Automedicação em debate no século XXI

Enviada em 25/08/2021

Em 1988, representantes do povo -reunidos em Assembleia Constituinte- instituíram um Estado Democrático,de modo a assegurar o direito à saúde e ao bem-estar como inerente a todo cidadão brasileiro. Todavia, o aumento dos casos de consumo de remédios sem orientação médica demonstra que esse direito não é experimentado na prática, já que a automedicação se mostra um grave problema de saúde. Com efeito, há de se discutir sobre o despreparo do Estado, bem como os riscos à saúde.

Diante desse cenário, segundo o filósofo alemão Friedrich Hegel, é dever do Estado proteger seus´´filhos. No entanto, embora o Brasil busque torna-se um país desenvolvido, 56% dos brasileiros afirmam que tomam remédios sem à prescrição de um médico, conforme o portal de notícias R7, evidenciando o despreparo da nação verde-amarela em proteger seus´´filhos, assim como propôs Hegel.
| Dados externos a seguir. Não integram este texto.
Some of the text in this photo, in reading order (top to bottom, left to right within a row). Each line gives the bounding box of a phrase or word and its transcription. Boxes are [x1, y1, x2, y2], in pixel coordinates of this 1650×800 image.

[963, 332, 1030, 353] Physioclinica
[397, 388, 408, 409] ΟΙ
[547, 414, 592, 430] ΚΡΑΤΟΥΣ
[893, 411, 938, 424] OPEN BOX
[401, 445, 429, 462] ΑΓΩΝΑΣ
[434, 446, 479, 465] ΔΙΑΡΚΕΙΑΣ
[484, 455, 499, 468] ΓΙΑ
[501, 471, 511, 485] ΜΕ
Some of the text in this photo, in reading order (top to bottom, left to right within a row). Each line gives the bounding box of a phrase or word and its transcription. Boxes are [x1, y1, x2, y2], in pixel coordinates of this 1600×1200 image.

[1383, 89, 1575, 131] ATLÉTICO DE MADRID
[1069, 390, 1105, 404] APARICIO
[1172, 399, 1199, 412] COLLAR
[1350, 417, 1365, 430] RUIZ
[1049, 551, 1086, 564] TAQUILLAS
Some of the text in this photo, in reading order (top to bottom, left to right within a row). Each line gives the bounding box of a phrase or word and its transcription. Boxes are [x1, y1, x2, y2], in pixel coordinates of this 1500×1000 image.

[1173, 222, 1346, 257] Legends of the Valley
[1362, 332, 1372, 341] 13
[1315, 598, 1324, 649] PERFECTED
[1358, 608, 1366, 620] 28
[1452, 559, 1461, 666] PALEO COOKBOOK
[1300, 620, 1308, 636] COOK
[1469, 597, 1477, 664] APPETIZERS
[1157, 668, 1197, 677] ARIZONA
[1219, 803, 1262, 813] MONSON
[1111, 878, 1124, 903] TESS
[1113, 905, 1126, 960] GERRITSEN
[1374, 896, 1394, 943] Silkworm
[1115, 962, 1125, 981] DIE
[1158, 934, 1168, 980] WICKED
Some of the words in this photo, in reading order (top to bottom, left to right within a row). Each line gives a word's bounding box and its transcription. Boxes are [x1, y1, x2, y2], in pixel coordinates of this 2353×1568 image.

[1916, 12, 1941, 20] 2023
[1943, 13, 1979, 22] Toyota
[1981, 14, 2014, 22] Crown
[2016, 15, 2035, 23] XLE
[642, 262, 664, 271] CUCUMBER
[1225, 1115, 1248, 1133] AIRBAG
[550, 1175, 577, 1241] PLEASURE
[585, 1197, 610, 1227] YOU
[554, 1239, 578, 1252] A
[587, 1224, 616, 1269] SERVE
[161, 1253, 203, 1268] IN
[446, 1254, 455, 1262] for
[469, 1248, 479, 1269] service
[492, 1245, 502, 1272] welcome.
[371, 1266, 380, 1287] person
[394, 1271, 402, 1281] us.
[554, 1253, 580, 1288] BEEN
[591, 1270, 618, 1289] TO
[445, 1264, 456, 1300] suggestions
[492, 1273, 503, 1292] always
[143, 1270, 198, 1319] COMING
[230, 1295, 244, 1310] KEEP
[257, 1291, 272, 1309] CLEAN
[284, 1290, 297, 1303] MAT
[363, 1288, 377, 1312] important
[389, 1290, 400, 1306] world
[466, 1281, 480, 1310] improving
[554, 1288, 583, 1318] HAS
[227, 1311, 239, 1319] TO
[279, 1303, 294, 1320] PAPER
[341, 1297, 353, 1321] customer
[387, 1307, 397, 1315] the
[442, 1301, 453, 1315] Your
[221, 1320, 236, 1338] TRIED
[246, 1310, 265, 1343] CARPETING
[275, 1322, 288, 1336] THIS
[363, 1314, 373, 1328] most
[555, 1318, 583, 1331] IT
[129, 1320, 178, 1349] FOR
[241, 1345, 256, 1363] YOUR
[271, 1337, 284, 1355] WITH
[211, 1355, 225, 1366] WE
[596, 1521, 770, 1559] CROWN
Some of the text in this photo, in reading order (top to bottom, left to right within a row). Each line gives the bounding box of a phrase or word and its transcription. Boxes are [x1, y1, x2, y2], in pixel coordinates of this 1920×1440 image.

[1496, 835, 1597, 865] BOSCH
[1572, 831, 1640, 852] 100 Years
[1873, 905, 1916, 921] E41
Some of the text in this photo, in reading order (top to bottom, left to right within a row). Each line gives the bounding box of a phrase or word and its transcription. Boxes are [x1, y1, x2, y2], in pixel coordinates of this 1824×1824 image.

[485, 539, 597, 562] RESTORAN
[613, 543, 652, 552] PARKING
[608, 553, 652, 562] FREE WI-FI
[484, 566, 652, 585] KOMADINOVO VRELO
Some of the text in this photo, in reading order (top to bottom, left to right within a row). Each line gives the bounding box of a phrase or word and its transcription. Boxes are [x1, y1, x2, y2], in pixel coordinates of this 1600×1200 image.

Desse modo, enquanto o Estado não debater sobre as consequências da automedicação, não será possível garantir a saúde do seu povo.

Ademais, vale ressaltar os ricos de se automedicar. Sob essa análise, no documentário americano´´Take Your Pills``, monstra estudantes, atletas e pessoas de todas as áreas que se automedicam para ter mais energia durante seu dia. Nesse contexto, muitos brasileiros acabam repetindo as histórias contadas no documentário, visto que desconhecem os riscos que a automedicação traz, como a dependência desses remédios e até mesmo a morte. Dessa forma, é incoerente querer uma melhora na saúde, durante o tempo em que a automedicação for a regra.

Verifica-se, portanto, que para combater a auto dosagem de remédio, o Estado deve promover discussões acerca dos problemas da administração irrestrita de medicamentos, por meio de campanhas e palestras, que poderia ter como tema ´´Remédio na dosagem certa. Essa iniciativa teria a finalidade de garantir a saúde do povo brasileiro e de afirmar a participação do Estado na luta contra a automedicação, conseguintemente protegendo seus ´´filhos.